Dimension Data operates as one
Technology firm Dimension Data has almost completed rebranding a number of its business units under one name as part of an effort to simplify its operations. “There are just a few formalities … but at an operational level, with everything that we do with our clients, we’re operating as one Dimension Data,” Setumo Mohapi, chief go-tomarket officer, said in an interview with Business Day.
Dimension Data has almost completed rebranding a number of its business units under one name as part of an effort to simplify its operations.
Setumo Mohapi, chief go-tomarket officer for the company, said: “We ’ re not trading under the old trade names for sure. We ’ re now all Dimension Data, across the board.”
The technology group, headed by CEO Grant Bodley, has been made up of four business units: the traditional Dimension Data systems integrator business; call centre unit Merchants; digital solutions unit Britehouse; and internet services provider Internet Solutions. It launched a cybersecurity arm, Dimension Data Security, in 2019.

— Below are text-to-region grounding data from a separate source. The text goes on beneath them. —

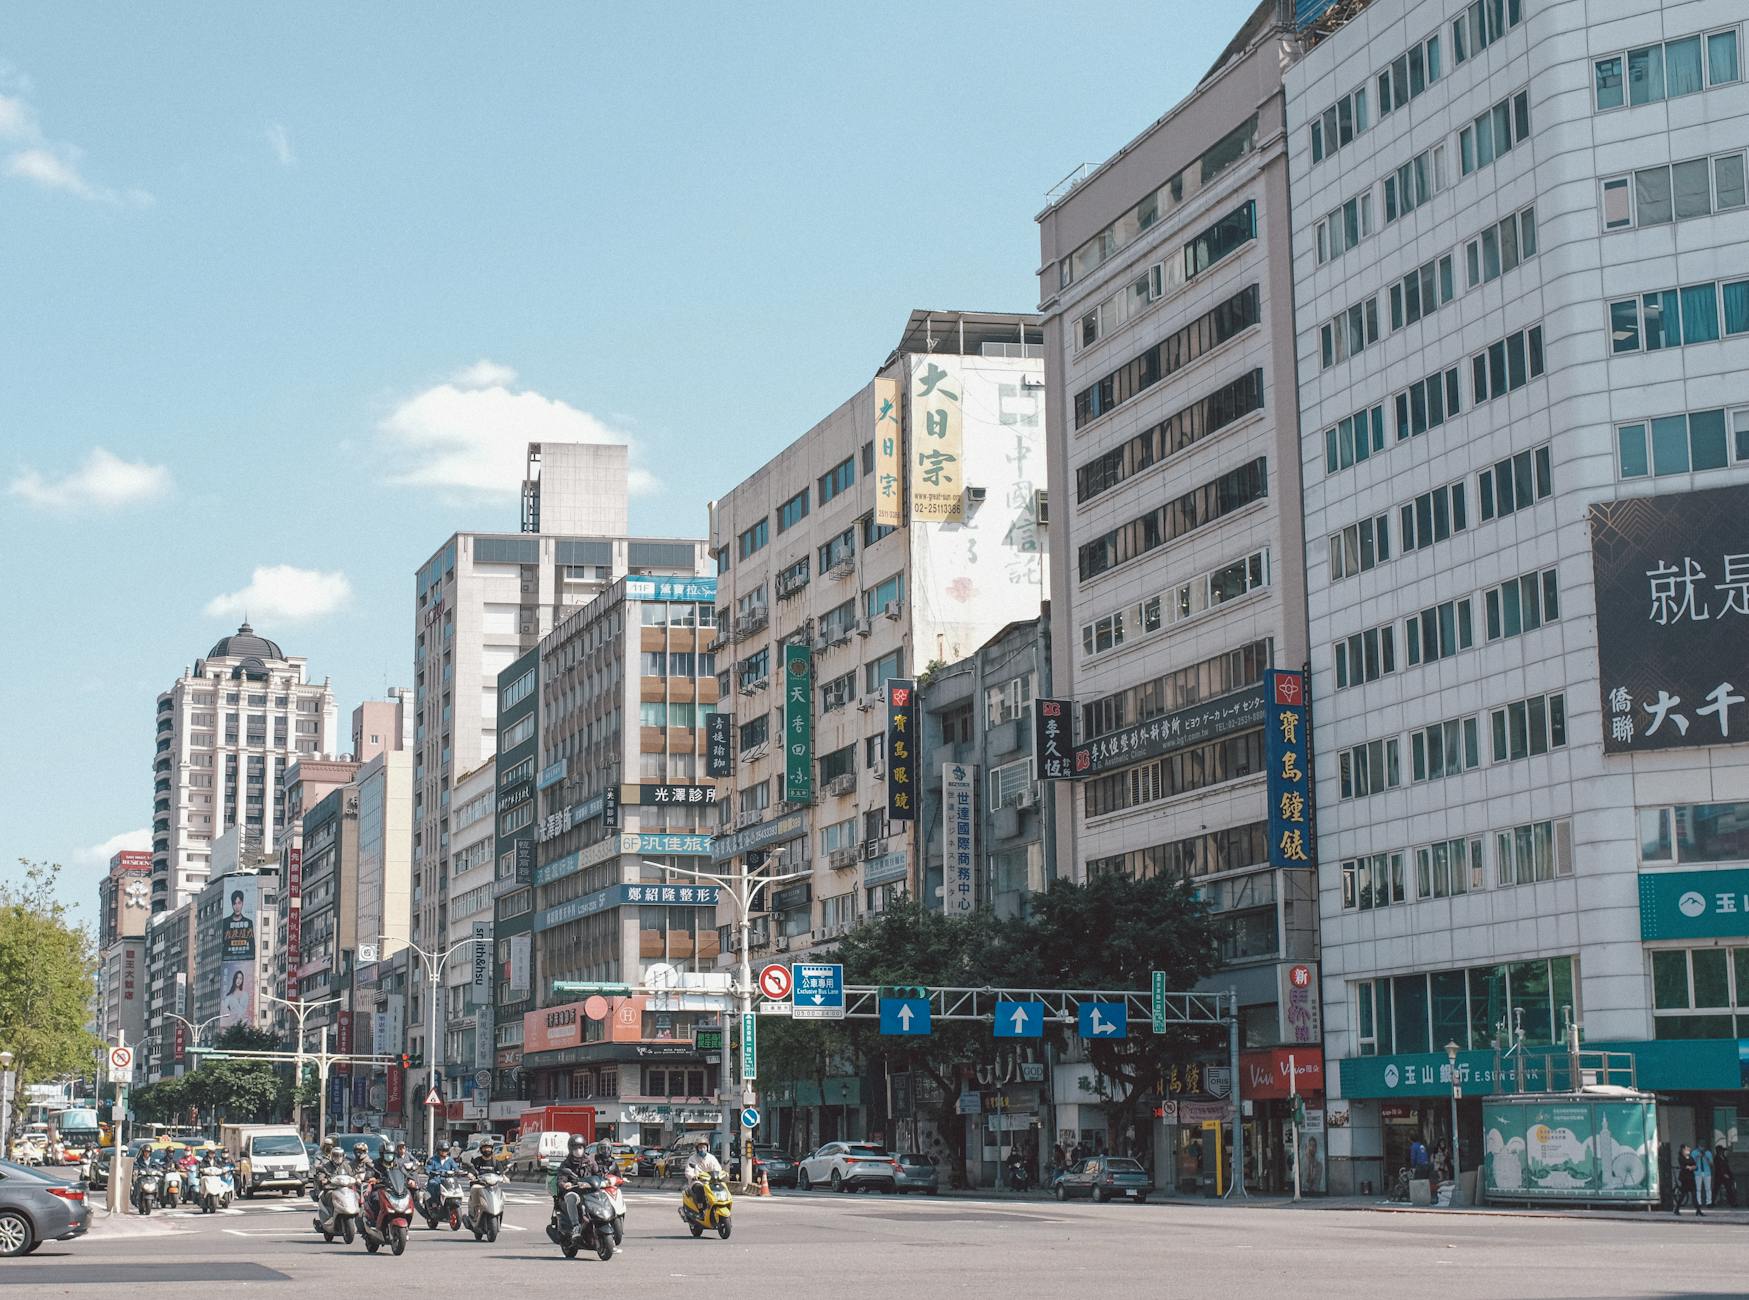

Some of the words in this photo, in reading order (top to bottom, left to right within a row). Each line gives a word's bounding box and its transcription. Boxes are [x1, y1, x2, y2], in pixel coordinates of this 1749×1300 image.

[879, 398, 899, 498] 大日宗
[915, 362, 959, 487] 大日宗
[914, 503, 961, 514] 02-25113386
[790, 686, 808, 784] 天香回味
[1609, 685, 1634, 743] 僑聯
[1643, 682, 1745, 737] 大千
[893, 714, 910, 809] 寶島眼鏡
[1279, 711, 1308, 862] 寶島鐘錶
[623, 837, 639, 850] 6F
[957, 791, 971, 911] 世達國際商務中心
[1296, 968, 1308, 985] 新
[1404, 1062, 1470, 1086] 玉山銀行

The effort to simplify its business follows a trend in the industry which has seen firms such as Altron consolidate its businesses under its own “One Altron ” strategy. At EOH the story is similar. Before Stephen van Coller and his team came in, EOH was made up of 268 entities and operations, which it is working to consolidate and bring under three business units: iOCO, Nextec and IP.
Dimension Data was once considered one of the largest technology companies on the JSE, with market capitalisation of R77bn at its peak in September 2000.
It delisted from the exchange in 2010, after being bought by Japanese technology firm Nippon Telegraph & Telephone (NTT) for £2.1bn. Dimension Data remains an independently branded affiliate of the NTT Group and retains the Dimension Data brand.
Earlier this year, the group said it would retire its brands Britehouse, Internet Solutions and ContinuitySA in a move that will result in the group operating under one name and reduce duplication.
“There are just a few formalities that have to play out for the brands to be formally retired but at an operational level, with everything that we do with our clients, we’re operating as one Dimension Data,” said Mohapi.
Part of the justification for the new operating model is to reduce redundancy and duplication of services in the company and to have a unified approach to dealing with clients.
Mohapi explained that clients consume, access and use a number of services and products from the firm, which made for an inefficient structure where its business units would offer similar offerings and often compete for the same business.
“We can [now] have a conversation with you [the client] that deals with your IT operations, workplace environment, client offering, security, risk or governance environment, and so on. This is what one Dimension Data is able to offer our clients. Something we were not able to do easily in the past.”
Mohapi said Covid-19 has not slowed the progress of realigning the business.